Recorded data
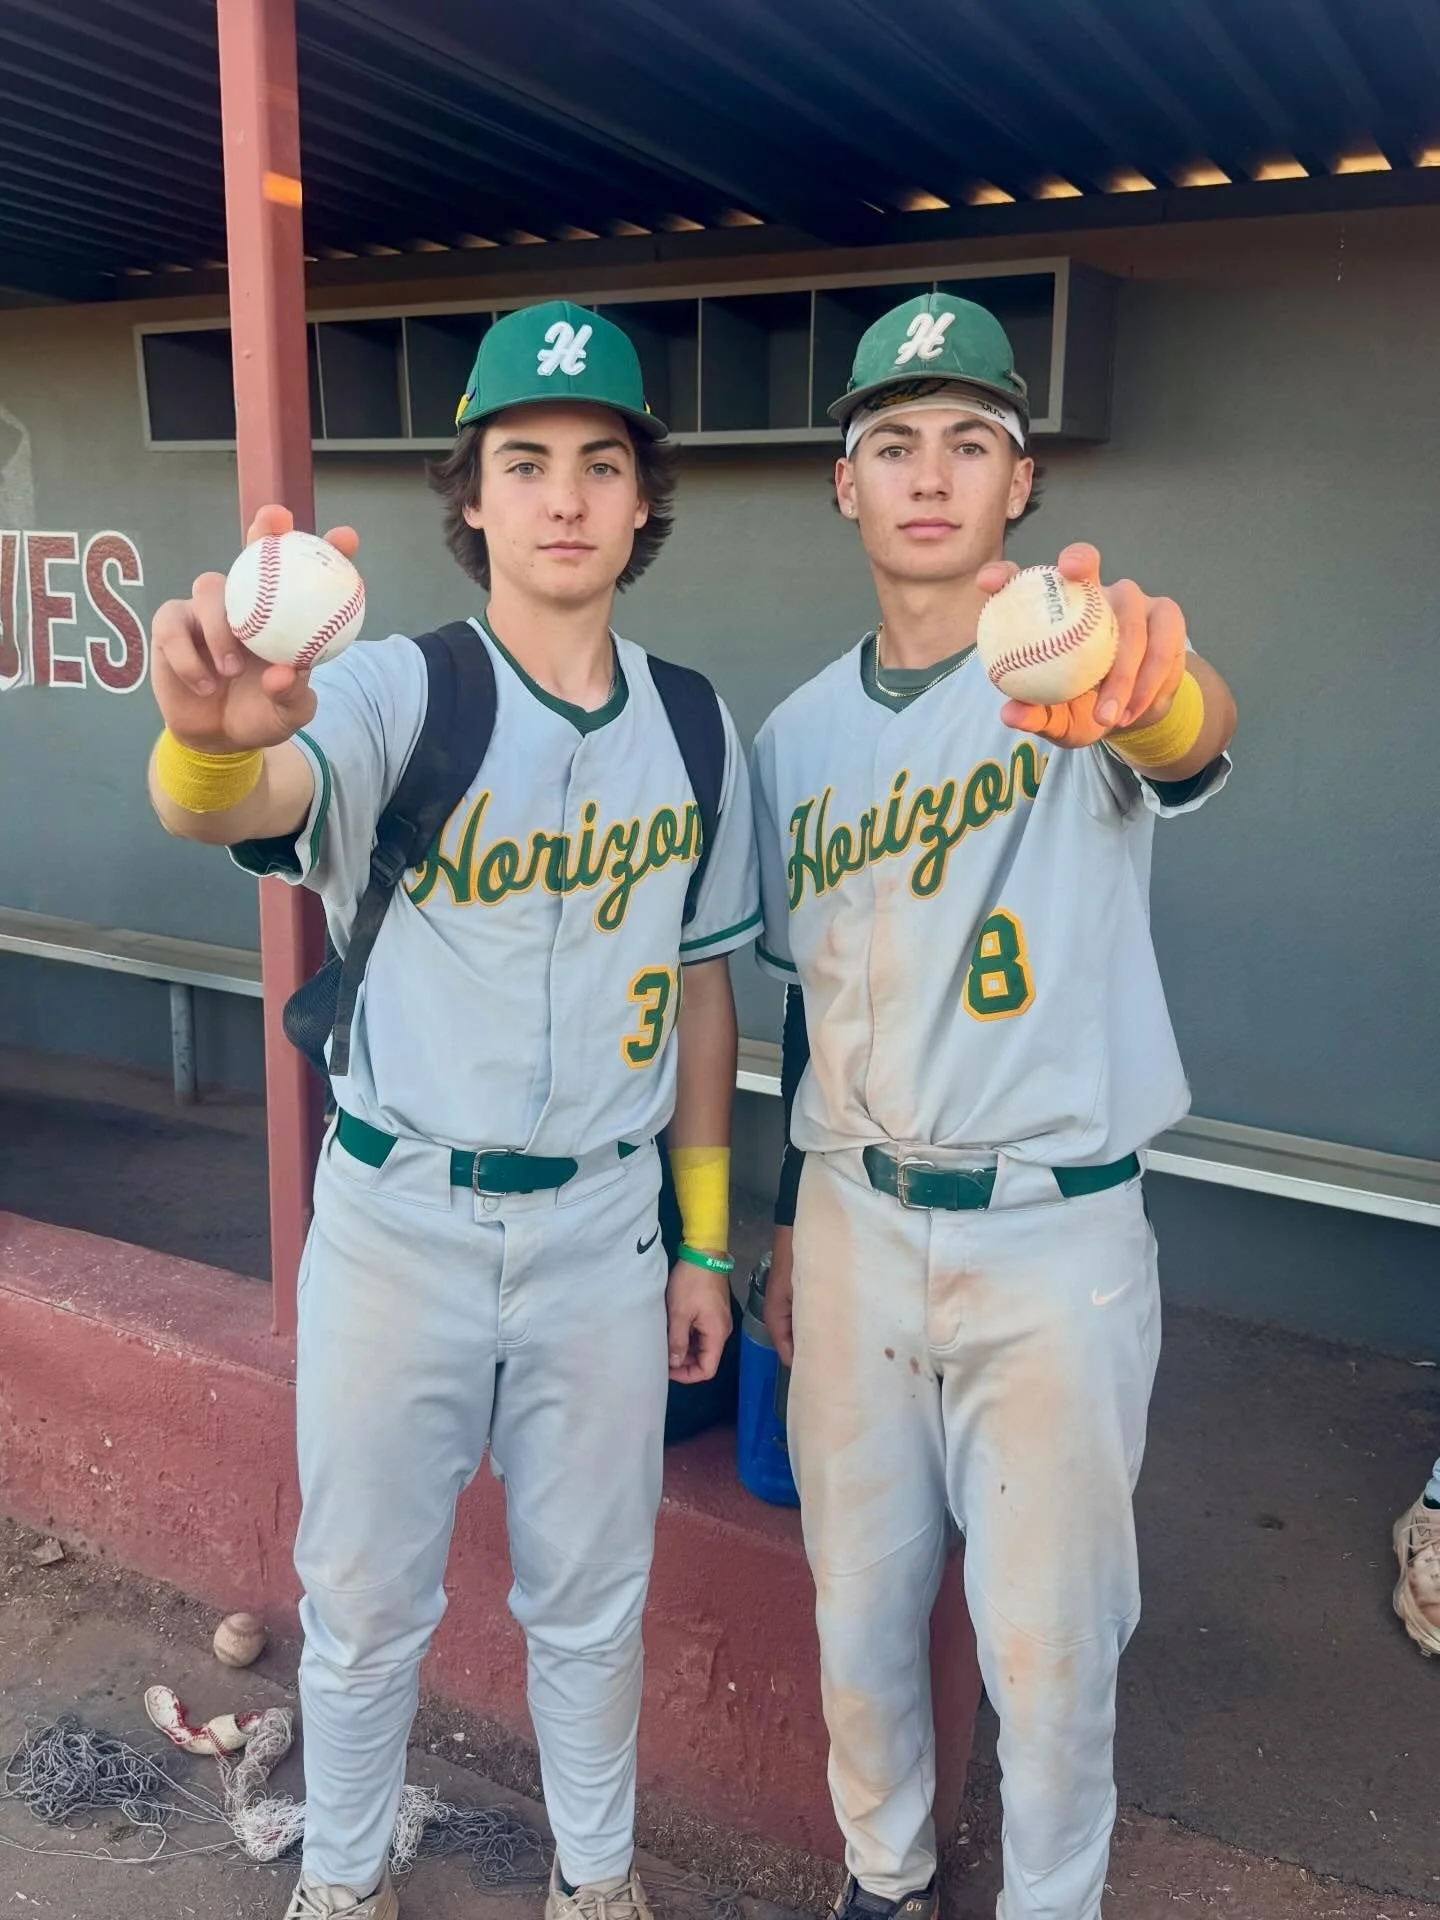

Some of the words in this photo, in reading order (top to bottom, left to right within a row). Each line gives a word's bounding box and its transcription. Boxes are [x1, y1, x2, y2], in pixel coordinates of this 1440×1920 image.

[535, 320, 593, 376] H
[894, 311, 957, 366] H
[402, 787, 704, 934] Horizon
[787, 739, 1049, 914] Horizon
[620, 963, 683, 1071] 3
[959, 906, 1037, 1024] 8
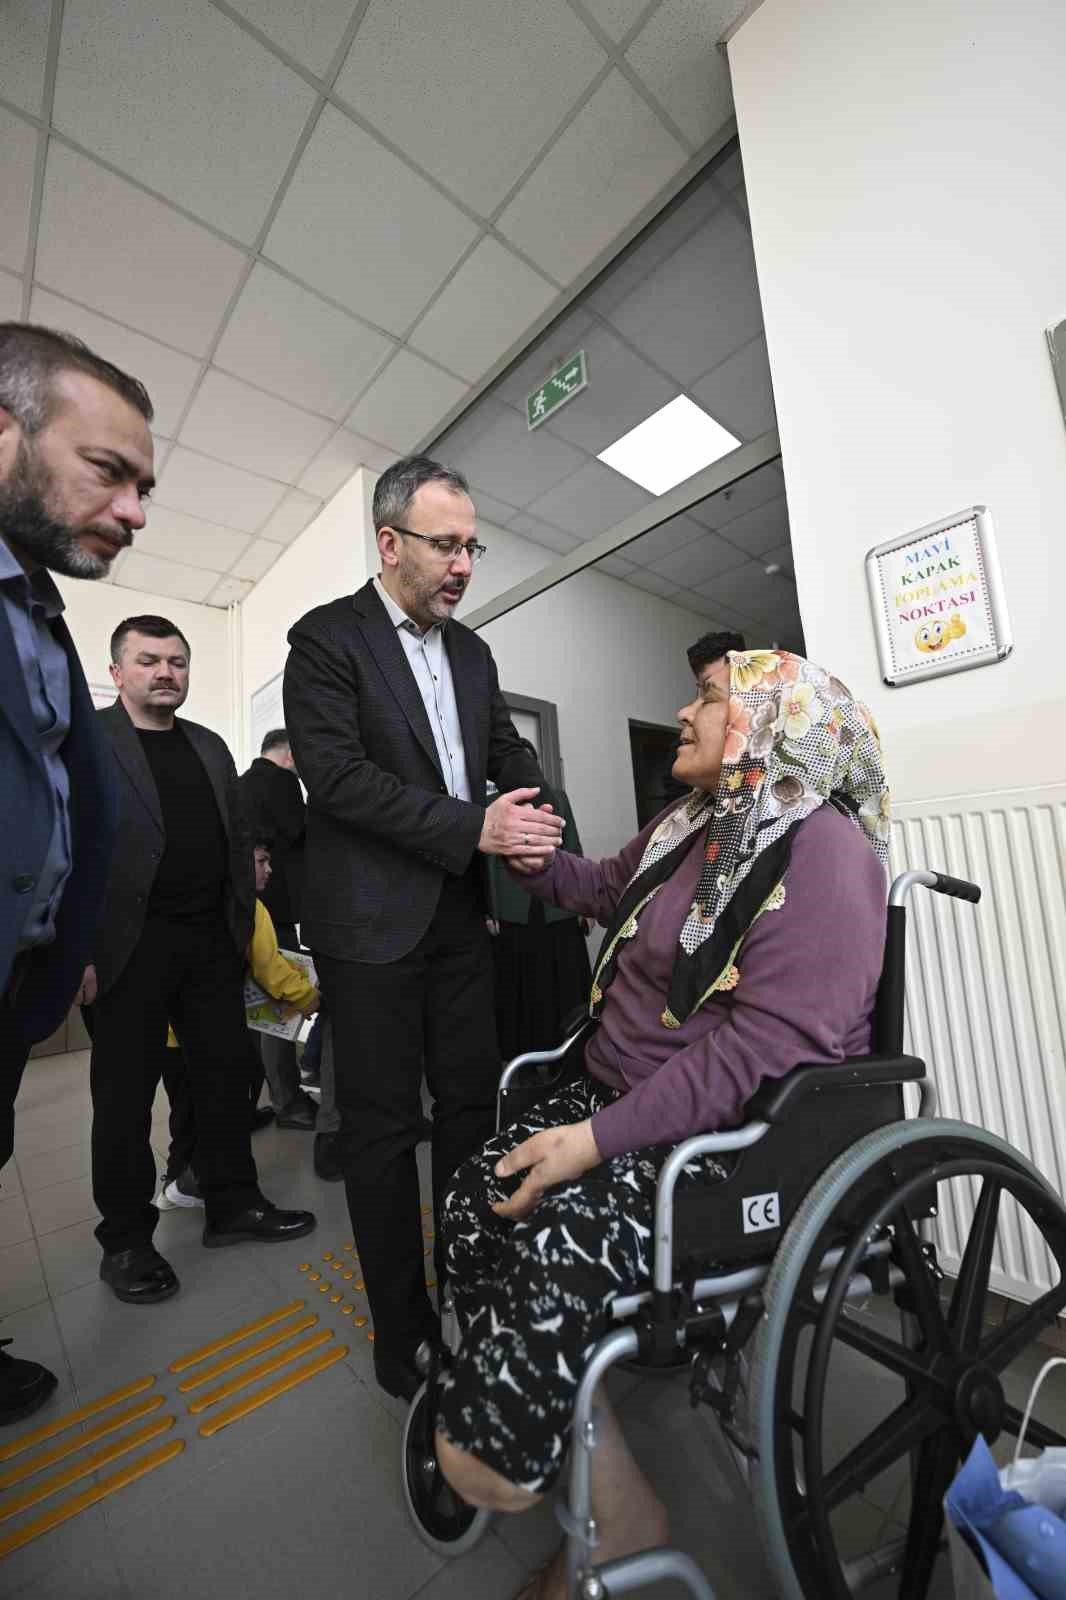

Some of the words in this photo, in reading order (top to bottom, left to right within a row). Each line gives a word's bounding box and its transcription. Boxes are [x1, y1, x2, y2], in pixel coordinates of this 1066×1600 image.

[901, 556, 960, 586] KAPAK
[899, 591, 976, 623] NOKTASI
[747, 1197, 775, 1227] CE

# WHAT YOU NEED TO DO
Exact copy, no pictures: set down all the entries again as they stand.

# RESULT
Some of the words in this photo, in reading order (top to bottom, left to right within a row). Each line gives a word's bounding box and its transcription. Boxes are [x1, y1, x2, y2], in pixel coordinates of this 1440×1920 image.

[535, 320, 593, 376] H
[894, 311, 957, 366] H
[402, 787, 704, 934] Horizon
[787, 739, 1049, 914] Horizon
[620, 963, 683, 1071] 3
[959, 906, 1037, 1024] 8

Some of the words in this photo, in reading order (top to bottom, left to right within a row). Each line gives a word's bounding box and its transcription. Boxes are [x1, y1, x2, y2], in pixel coordinates of this 1066×1600 image.

[901, 556, 960, 586] KAPAK
[899, 591, 976, 623] NOKTASI
[747, 1197, 775, 1227] CE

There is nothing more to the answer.